The Charm spells are already overpowered and do more than in the RAW. Cham Person does not give you full control over a guy who just before were on the side of your enemies. And they are specifically written that - if you do not take further action - then the victim of a charm spell will remember what happened and his attitude towards you changed accordingly. https://www.d20srd.org/srd/spells/charmPerson.htm
I would say, that to do anything, a specification should be described what Charmed or Dominated critter should do. For example, charmed person would run off to some distance from combatants, but otherwise simply stand in Full Defense. But if attacked or harmed by PC spell, the Charm would go off. This is quite a work, but can be done in T+.
It doesn't seem like charm gives you control over your enemies in my game. They seem to just skip their turns in battle against their own faction. The only control you get is if they survive and stay following your group; they'll move in formation. I guess maybe they should just become friendly and not automatically agree to fight further with you. It seems like the big AI problem is that all of their previous allies will immediately try to kill them. They should probably ignore the charmed guy just like the charmed guy ignores them.
The engine has a few issues/bugs related to a maximum number of AI-controlled units in the game. There is a numerical point where the AI either skips/rotates/queues turns for the controlled units. This is very apparent in big battles and when you have quite a few summons/charmed units in smaller battles. The AI picks a number of units within its control maximum and puts everything else in queue or rotation. I'm not quite sure how it picks the units. I often try to kill any disabled/unconscious enemies in order to remove them from the current AI group - including friendlies (not the core party). It helps to move the battle along imho. When one of these dies, you'll notice the AI moving a new unit into the fray. Otherwise you can end up with cases where the enemy has almost no pawns in play, as the AI is playing all your stuff...which is pretty meh for a battle. For example, if you charm all the bugbears in the moathouse and bring them to battle with Lareth = they will all eventually get around to attacking, but some might take time to get a turn. If you send them all into an already hostile spot with not too many AI controlled units, they will all fight. The charmed bugbears will also take attack commands and attack their group, immediately when charmed. Charm in ToEE behaves more like domination for absolute battle command, except that most of your unfavorable spells will turn them hostile. And you can only tell them where to move or attack when in party LoS, unless using a group command.
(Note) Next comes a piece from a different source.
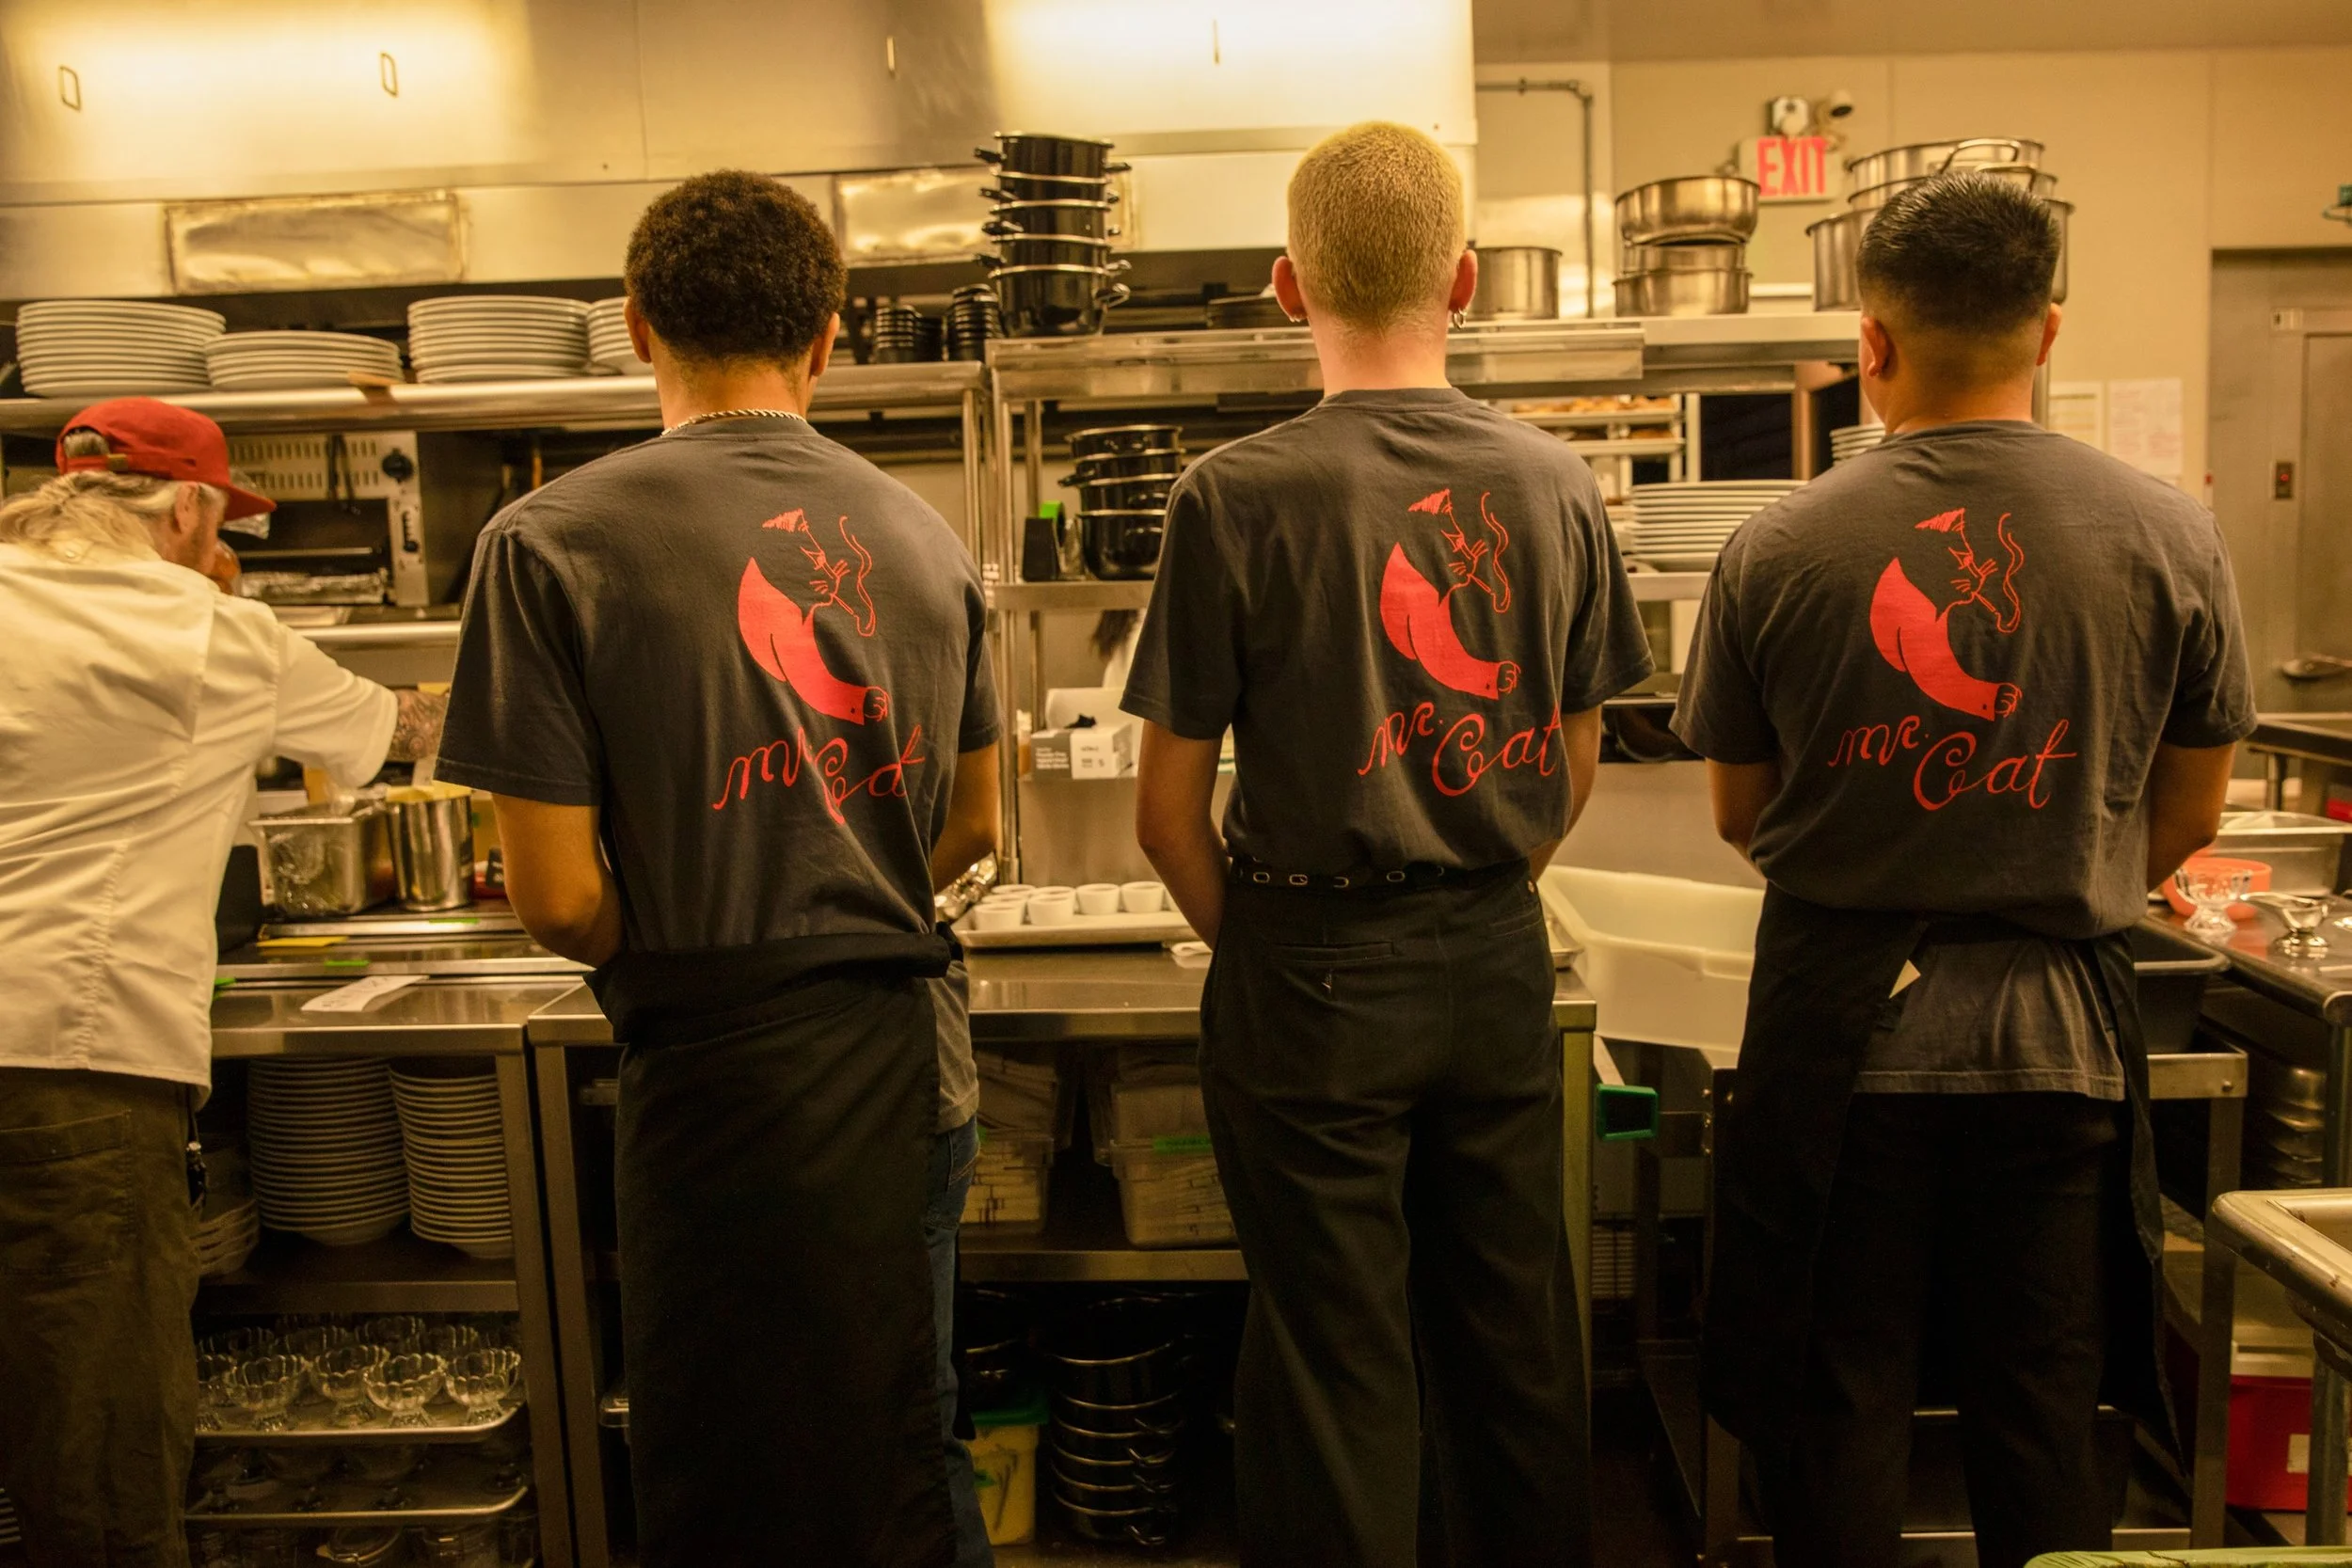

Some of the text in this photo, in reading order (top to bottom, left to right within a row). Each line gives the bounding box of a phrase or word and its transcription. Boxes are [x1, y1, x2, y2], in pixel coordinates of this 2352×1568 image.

[1756, 136, 1827, 196] EXIT
[1432, 699, 1563, 797] Cat
[1914, 718, 2077, 811] Cat
Does charming count as having more AI units than before? What I did was charm some guys in the fight outside the moathouse. They ran up to me, then after charming they stood around. Sometimes they got killed before their turn came around, but toward the end of the fight I had like three guys charmed and only one enemy left, and I think they still didn't do anything. It also happened in the KOTS challenge module anatoliy posted. Charming one guy in that fight just resulted in him standing around for the rest of the fight. Maybe this behavior doesn't last for subsequent battles, though.
At the time of charm, no. It's already part of the AI load. The AI might shift them to later in the queue , though. You may be correct that some stand around during the fight where charmed...I can't remember. In further battles, yes.
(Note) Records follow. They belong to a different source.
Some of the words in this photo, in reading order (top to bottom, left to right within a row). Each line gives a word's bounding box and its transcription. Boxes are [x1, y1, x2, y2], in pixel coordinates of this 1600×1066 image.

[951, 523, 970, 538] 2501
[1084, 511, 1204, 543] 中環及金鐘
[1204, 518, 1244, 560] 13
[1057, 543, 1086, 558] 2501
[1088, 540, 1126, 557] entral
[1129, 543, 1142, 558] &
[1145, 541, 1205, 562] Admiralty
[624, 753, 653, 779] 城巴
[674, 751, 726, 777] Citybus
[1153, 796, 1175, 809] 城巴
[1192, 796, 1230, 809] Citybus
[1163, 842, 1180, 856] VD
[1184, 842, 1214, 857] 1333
The engine can handle a maximum of 32 units in its initiative list IIRC. The engine cycles through this list when switching the current actor, and AI NPCs will be added on a first serve basis (they generally constantly try to alert each other each turn). It can be expanded in principle, but the main obstacle is the UI which is hardcoded to 32 portraits. Having said that, what you've observed @dolio is due to a small revision of the AI function that determines who to attack. IIRC when an explicit faction is shared, charmed critters will now not attack faction mates. However many mobs don't have an explicit faction (just faction 0, which is regarded as factionless), so in these cases they can attack their apparent group. You can check faction via turning on the DM and right clicking on critters. BTW I think the reason for that change was to fix the "friendly fire" you'd sometimes see when AI groups fought each other. IIRC it was due to a discrepancy between the is_friendly result and another function used internally by the AI (ehich I called GetAllegianceStrength). The whole system is pretty messy though and could definitely use a reform.